What is needed> Images should not appear in the copy, yet every line of the listing below must be printed exactly.
+ + + + + + +
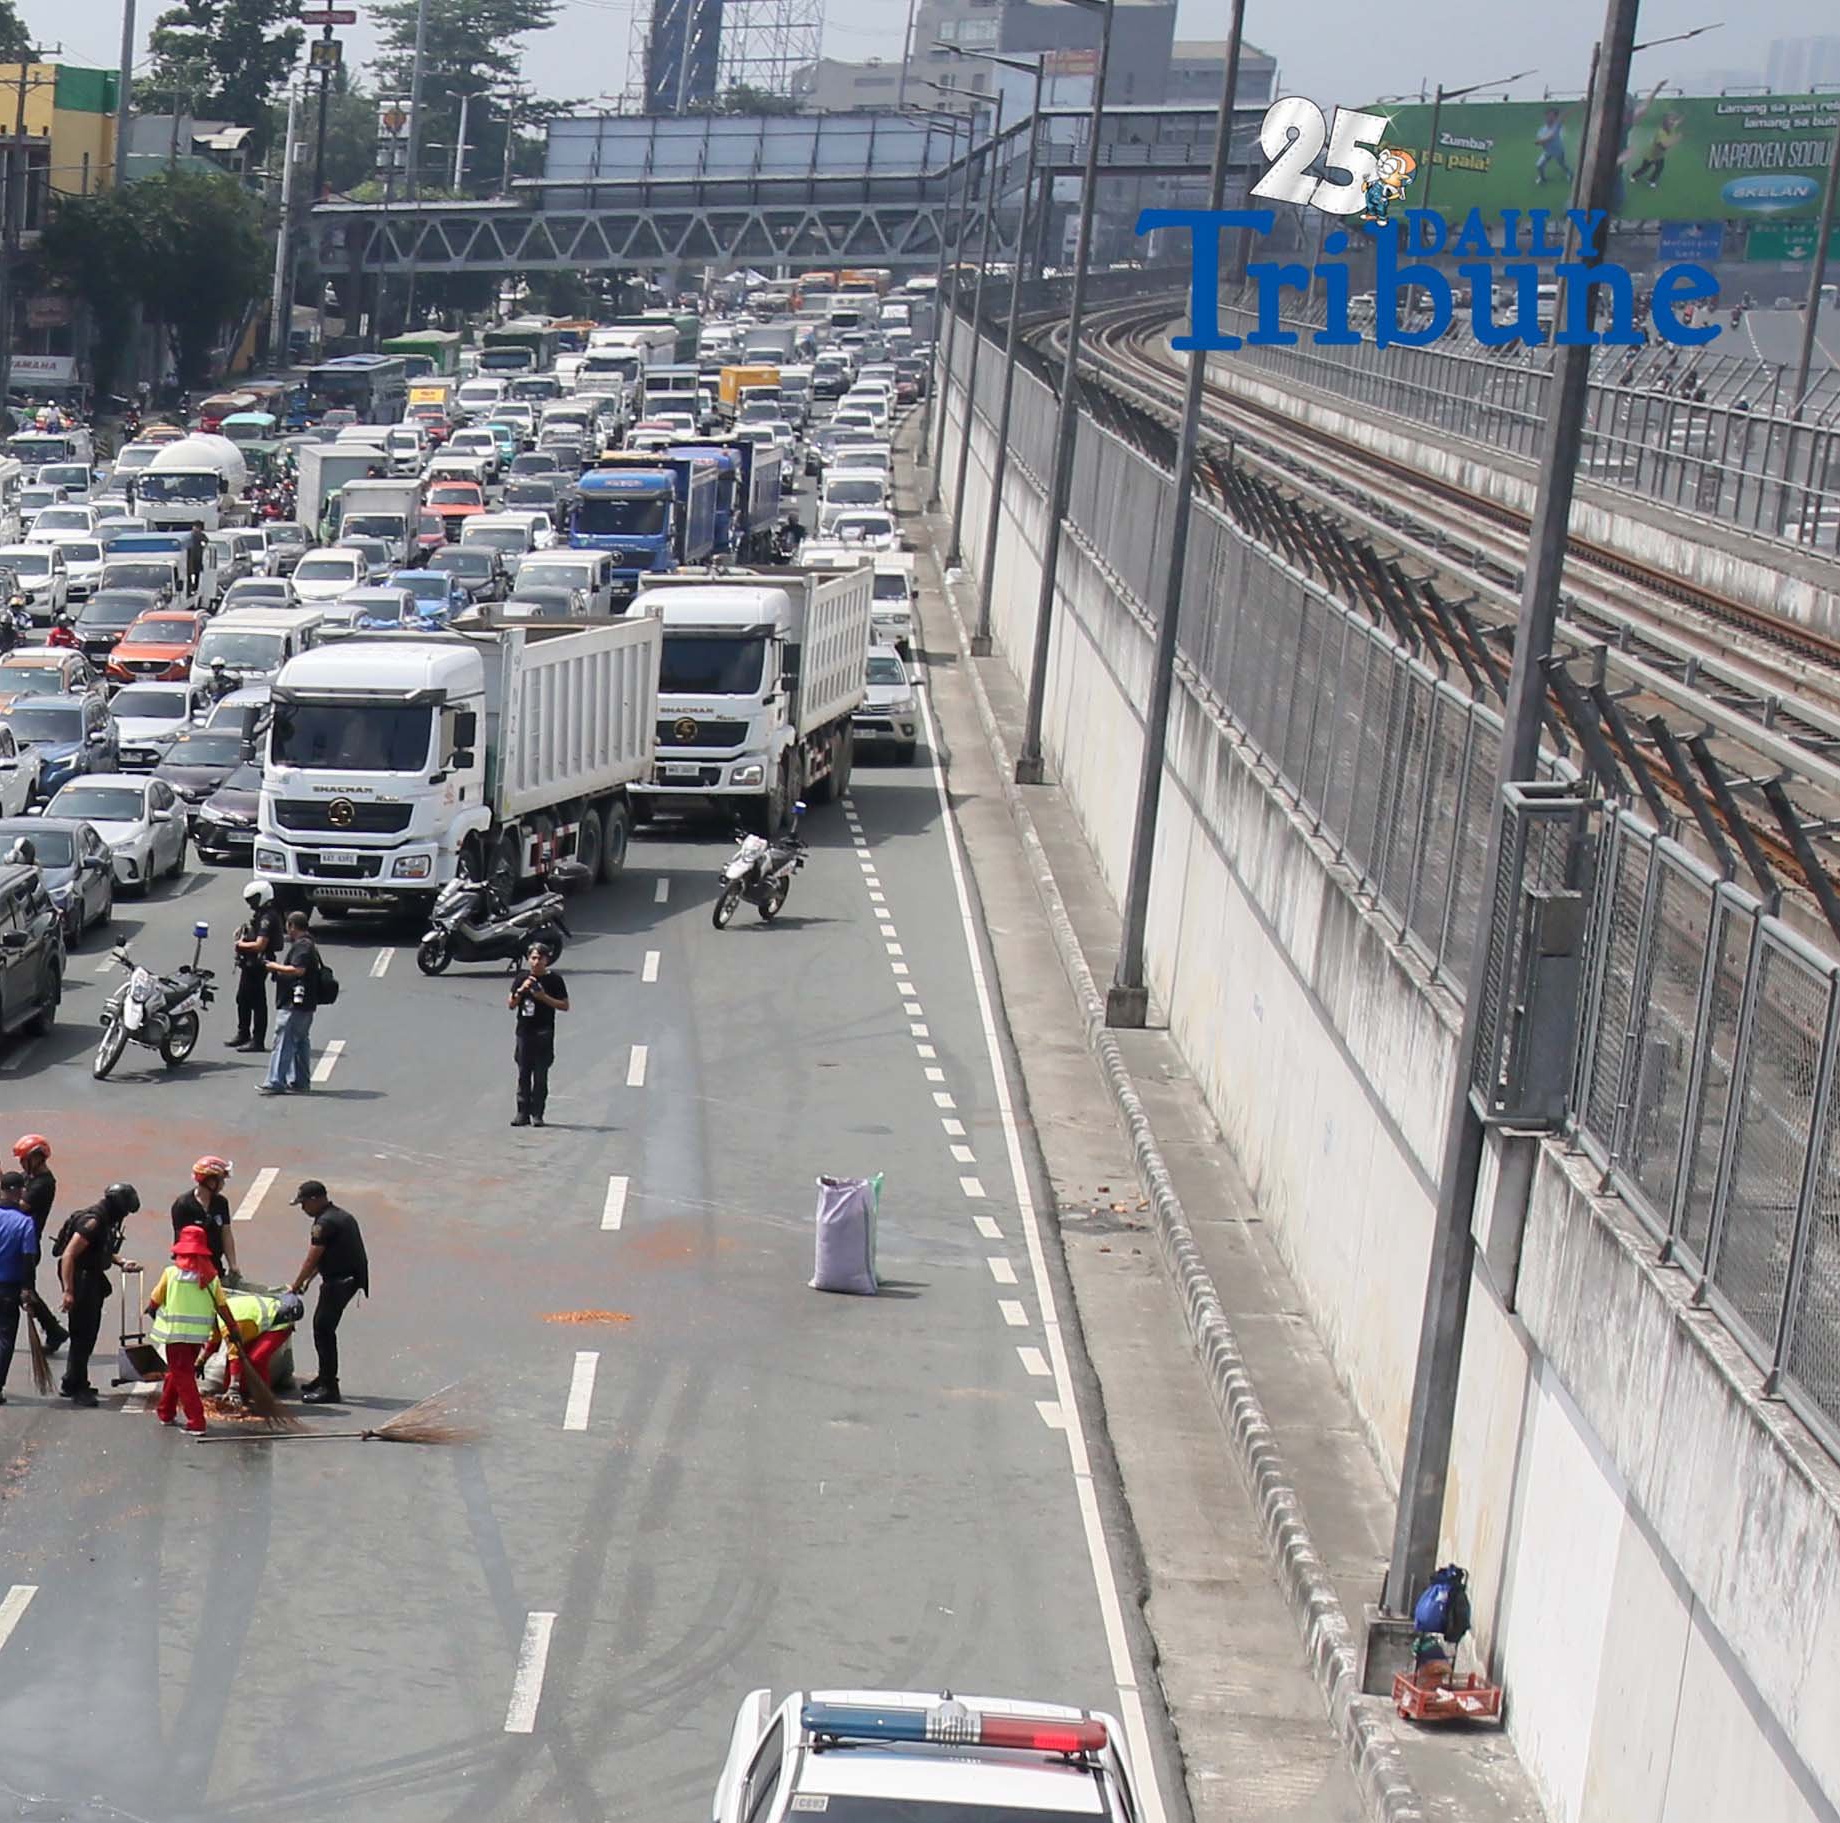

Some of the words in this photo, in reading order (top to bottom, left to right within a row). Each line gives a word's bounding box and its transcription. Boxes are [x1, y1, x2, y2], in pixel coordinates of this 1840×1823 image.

[1440, 132, 1494, 151] Zumba?
[1708, 142, 1784, 169] NAPROXEN
[1732, 186, 1811, 198] SKELAN
[312, 785, 373, 794] SHACMAN
+ + + + + + +
Answer to this exercise>
Some of the words in this photo, in reading order (top to bottom, left to right within a row). Each line gives a word's bounding box and its transcription. Boxes are [x1, y1, x2, y2], in pixel coordinates of this 1840×1823 image.

[1440, 132, 1494, 151] Zumba?
[1708, 142, 1784, 169] NAPROXEN
[1732, 186, 1811, 198] SKELAN
[312, 785, 373, 794] SHACMAN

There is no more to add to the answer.